■ DATA SECTION:
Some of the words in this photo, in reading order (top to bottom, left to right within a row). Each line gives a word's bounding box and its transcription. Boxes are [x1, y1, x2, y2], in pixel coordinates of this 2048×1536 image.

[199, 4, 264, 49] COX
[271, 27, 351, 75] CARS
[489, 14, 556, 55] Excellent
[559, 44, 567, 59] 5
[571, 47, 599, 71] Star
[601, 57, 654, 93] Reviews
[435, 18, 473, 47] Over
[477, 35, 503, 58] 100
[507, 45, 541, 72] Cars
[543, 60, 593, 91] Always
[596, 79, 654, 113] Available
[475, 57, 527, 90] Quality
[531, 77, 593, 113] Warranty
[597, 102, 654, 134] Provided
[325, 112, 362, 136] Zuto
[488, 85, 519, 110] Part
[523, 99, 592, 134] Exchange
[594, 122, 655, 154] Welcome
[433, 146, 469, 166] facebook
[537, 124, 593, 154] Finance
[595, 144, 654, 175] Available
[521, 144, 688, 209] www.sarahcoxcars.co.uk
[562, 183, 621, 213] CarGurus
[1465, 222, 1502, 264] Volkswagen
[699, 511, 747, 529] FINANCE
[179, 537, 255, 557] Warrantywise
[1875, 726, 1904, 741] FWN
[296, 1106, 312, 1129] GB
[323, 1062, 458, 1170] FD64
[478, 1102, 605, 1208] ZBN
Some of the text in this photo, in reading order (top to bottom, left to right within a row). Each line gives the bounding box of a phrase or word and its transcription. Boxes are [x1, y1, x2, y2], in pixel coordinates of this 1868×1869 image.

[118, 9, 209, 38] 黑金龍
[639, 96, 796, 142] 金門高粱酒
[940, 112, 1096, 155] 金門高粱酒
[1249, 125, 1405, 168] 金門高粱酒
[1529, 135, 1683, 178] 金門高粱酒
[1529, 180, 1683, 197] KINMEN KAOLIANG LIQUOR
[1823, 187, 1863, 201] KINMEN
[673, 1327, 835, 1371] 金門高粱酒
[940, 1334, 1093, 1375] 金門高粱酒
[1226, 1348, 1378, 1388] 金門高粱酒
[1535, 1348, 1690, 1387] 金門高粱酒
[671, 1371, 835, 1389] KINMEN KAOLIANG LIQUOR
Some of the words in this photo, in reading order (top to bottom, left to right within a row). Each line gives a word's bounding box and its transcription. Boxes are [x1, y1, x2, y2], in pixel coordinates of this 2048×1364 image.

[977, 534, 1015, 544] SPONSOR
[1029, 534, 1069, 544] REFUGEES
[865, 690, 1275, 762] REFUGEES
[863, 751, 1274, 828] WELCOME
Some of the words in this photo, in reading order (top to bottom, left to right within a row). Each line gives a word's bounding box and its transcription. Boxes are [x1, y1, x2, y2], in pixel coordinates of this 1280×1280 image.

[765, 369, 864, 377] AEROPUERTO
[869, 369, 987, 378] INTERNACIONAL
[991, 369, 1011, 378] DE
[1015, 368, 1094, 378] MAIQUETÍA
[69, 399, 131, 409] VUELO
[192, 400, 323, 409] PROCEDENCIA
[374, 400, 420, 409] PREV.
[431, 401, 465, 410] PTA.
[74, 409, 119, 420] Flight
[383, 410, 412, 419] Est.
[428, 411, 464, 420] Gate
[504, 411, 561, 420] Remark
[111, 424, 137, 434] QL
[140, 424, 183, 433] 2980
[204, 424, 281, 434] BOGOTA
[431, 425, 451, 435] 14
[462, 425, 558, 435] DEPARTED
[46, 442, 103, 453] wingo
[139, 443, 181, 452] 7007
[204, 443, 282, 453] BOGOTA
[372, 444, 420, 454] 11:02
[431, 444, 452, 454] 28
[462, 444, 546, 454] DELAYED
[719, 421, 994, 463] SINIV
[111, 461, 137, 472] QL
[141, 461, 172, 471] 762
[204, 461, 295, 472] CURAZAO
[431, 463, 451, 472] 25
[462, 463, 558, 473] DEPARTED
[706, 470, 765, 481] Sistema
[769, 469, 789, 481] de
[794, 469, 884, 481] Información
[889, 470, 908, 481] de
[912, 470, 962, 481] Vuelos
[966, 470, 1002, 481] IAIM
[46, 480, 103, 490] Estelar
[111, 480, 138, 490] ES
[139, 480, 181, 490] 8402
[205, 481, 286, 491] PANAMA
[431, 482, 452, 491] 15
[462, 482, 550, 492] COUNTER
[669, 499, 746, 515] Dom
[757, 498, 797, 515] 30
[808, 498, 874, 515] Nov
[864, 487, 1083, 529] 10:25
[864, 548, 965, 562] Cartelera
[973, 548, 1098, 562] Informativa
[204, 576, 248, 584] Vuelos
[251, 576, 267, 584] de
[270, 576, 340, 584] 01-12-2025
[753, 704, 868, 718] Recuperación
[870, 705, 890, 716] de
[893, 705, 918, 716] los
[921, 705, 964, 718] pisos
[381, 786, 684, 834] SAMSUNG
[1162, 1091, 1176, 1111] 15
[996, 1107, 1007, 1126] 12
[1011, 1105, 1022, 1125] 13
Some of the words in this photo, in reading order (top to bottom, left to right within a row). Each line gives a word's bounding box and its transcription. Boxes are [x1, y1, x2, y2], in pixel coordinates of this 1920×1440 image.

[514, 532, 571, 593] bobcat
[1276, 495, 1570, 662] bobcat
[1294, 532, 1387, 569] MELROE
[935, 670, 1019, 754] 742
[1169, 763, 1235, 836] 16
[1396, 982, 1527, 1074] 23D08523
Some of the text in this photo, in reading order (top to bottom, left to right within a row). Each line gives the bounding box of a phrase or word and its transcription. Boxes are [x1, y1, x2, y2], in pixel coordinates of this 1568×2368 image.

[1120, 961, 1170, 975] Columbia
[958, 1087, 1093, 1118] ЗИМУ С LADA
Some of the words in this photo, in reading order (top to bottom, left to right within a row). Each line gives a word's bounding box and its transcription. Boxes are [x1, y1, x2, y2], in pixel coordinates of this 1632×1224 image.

■ PROBLEM DESCRIPTION: Return all entries exactly.

■ RESULT:
Some of the words in this photo, in reading order (top to bottom, left to right within a row). Each line gives a word's bounding box and its transcription. Boxes are [x1, y1, x2, y2], in pixel coordinates of this 2048×1536 image.

[199, 4, 264, 49] COX
[271, 27, 351, 75] CARS
[489, 14, 556, 55] Excellent
[559, 44, 567, 59] 5
[571, 47, 599, 71] Star
[601, 57, 654, 93] Reviews
[435, 18, 473, 47] Over
[477, 35, 503, 58] 100
[507, 45, 541, 72] Cars
[543, 60, 593, 91] Always
[596, 79, 654, 113] Available
[475, 57, 527, 90] Quality
[531, 77, 593, 113] Warranty
[597, 102, 654, 134] Provided
[325, 112, 362, 136] Zuto
[488, 85, 519, 110] Part
[523, 99, 592, 134] Exchange
[594, 122, 655, 154] Welcome
[433, 146, 469, 166] facebook
[537, 124, 593, 154] Finance
[595, 144, 654, 175] Available
[521, 144, 688, 209] www.sarahcoxcars.co.uk
[562, 183, 621, 213] CarGurus
[1465, 222, 1502, 264] Volkswagen
[699, 511, 747, 529] FINANCE
[179, 537, 255, 557] Warrantywise
[1875, 726, 1904, 741] FWN
[296, 1106, 312, 1129] GB
[323, 1062, 458, 1170] FD64
[478, 1102, 605, 1208] ZBN
Some of the text in this photo, in reading order (top to bottom, left to right within a row). Each line gives the bounding box of a phrase or word and its transcription. Boxes are [x1, y1, x2, y2], in pixel coordinates of this 1868×1869 image.

[118, 9, 209, 38] 黑金龍
[639, 96, 796, 142] 金門高粱酒
[940, 112, 1096, 155] 金門高粱酒
[1249, 125, 1405, 168] 金門高粱酒
[1529, 135, 1683, 178] 金門高粱酒
[1529, 180, 1683, 197] KINMEN KAOLIANG LIQUOR
[1823, 187, 1863, 201] KINMEN
[673, 1327, 835, 1371] 金門高粱酒
[940, 1334, 1093, 1375] 金門高粱酒
[1226, 1348, 1378, 1388] 金門高粱酒
[1535, 1348, 1690, 1387] 金門高粱酒
[671, 1371, 835, 1389] KINMEN KAOLIANG LIQUOR
Some of the words in this photo, in reading order (top to bottom, left to right within a row). Each line gives a word's bounding box and its transcription. Boxes are [x1, y1, x2, y2], in pixel coordinates of this 2048×1364 image.

[977, 534, 1015, 544] SPONSOR
[1029, 534, 1069, 544] REFUGEES
[865, 690, 1275, 762] REFUGEES
[863, 751, 1274, 828] WELCOME
Some of the words in this photo, in reading order (top to bottom, left to right within a row). Each line gives a word's bounding box and its transcription. Boxes are [x1, y1, x2, y2], in pixel coordinates of this 1280×1280 image.

[765, 369, 864, 377] AEROPUERTO
[869, 369, 987, 378] INTERNACIONAL
[991, 369, 1011, 378] DE
[1015, 368, 1094, 378] MAIQUETÍA
[69, 399, 131, 409] VUELO
[192, 400, 323, 409] PROCEDENCIA
[374, 400, 420, 409] PREV.
[431, 401, 465, 410] PTA.
[74, 409, 119, 420] Flight
[383, 410, 412, 419] Est.
[428, 411, 464, 420] Gate
[504, 411, 561, 420] Remark
[111, 424, 137, 434] QL
[140, 424, 183, 433] 2980
[204, 424, 281, 434] BOGOTA
[431, 425, 451, 435] 14
[462, 425, 558, 435] DEPARTED
[46, 442, 103, 453] wingo
[139, 443, 181, 452] 7007
[204, 443, 282, 453] BOGOTA
[372, 444, 420, 454] 11:02
[431, 444, 452, 454] 28
[462, 444, 546, 454] DELAYED
[719, 421, 994, 463] SINIV
[111, 461, 137, 472] QL
[141, 461, 172, 471] 762
[204, 461, 295, 472] CURAZAO
[431, 463, 451, 472] 25
[462, 463, 558, 473] DEPARTED
[706, 470, 765, 481] Sistema
[769, 469, 789, 481] de
[794, 469, 884, 481] Información
[889, 470, 908, 481] de
[912, 470, 962, 481] Vuelos
[966, 470, 1002, 481] IAIM
[46, 480, 103, 490] Estelar
[111, 480, 138, 490] ES
[139, 480, 181, 490] 8402
[205, 481, 286, 491] PANAMA
[431, 482, 452, 491] 15
[462, 482, 550, 492] COUNTER
[669, 499, 746, 515] Dom
[757, 498, 797, 515] 30
[808, 498, 874, 515] Nov
[864, 487, 1083, 529] 10:25
[864, 548, 965, 562] Cartelera
[973, 548, 1098, 562] Informativa
[204, 576, 248, 584] Vuelos
[251, 576, 267, 584] de
[270, 576, 340, 584] 01-12-2025
[753, 704, 868, 718] Recuperación
[870, 705, 890, 716] de
[893, 705, 918, 716] los
[921, 705, 964, 718] pisos
[381, 786, 684, 834] SAMSUNG
[1162, 1091, 1176, 1111] 15
[996, 1107, 1007, 1126] 12
[1011, 1105, 1022, 1125] 13
Some of the words in this photo, in reading order (top to bottom, left to right within a row). Each line gives a word's bounding box and its transcription. Boxes are [x1, y1, x2, y2], in pixel coordinates of this 1920×1440 image.

[514, 532, 571, 593] bobcat
[1276, 495, 1570, 662] bobcat
[1294, 532, 1387, 569] MELROE
[935, 670, 1019, 754] 742
[1169, 763, 1235, 836] 16
[1396, 982, 1527, 1074] 23D08523
Some of the text in this photo, in reading order (top to bottom, left to right within a row). Each line gives the bounding box of a phrase or word and its transcription. Boxes are [x1, y1, x2, y2], in pixel coordinates of this 1568×2368 image.

[1120, 961, 1170, 975] Columbia
[958, 1087, 1093, 1118] ЗИМУ С LADA
Some of the words in this photo, in reading order (top to bottom, left to right within a row). Each line gives a word's bounding box and its transcription. Boxes are [x1, y1, x2, y2], in pixel coordinates of this 1632×1224 image.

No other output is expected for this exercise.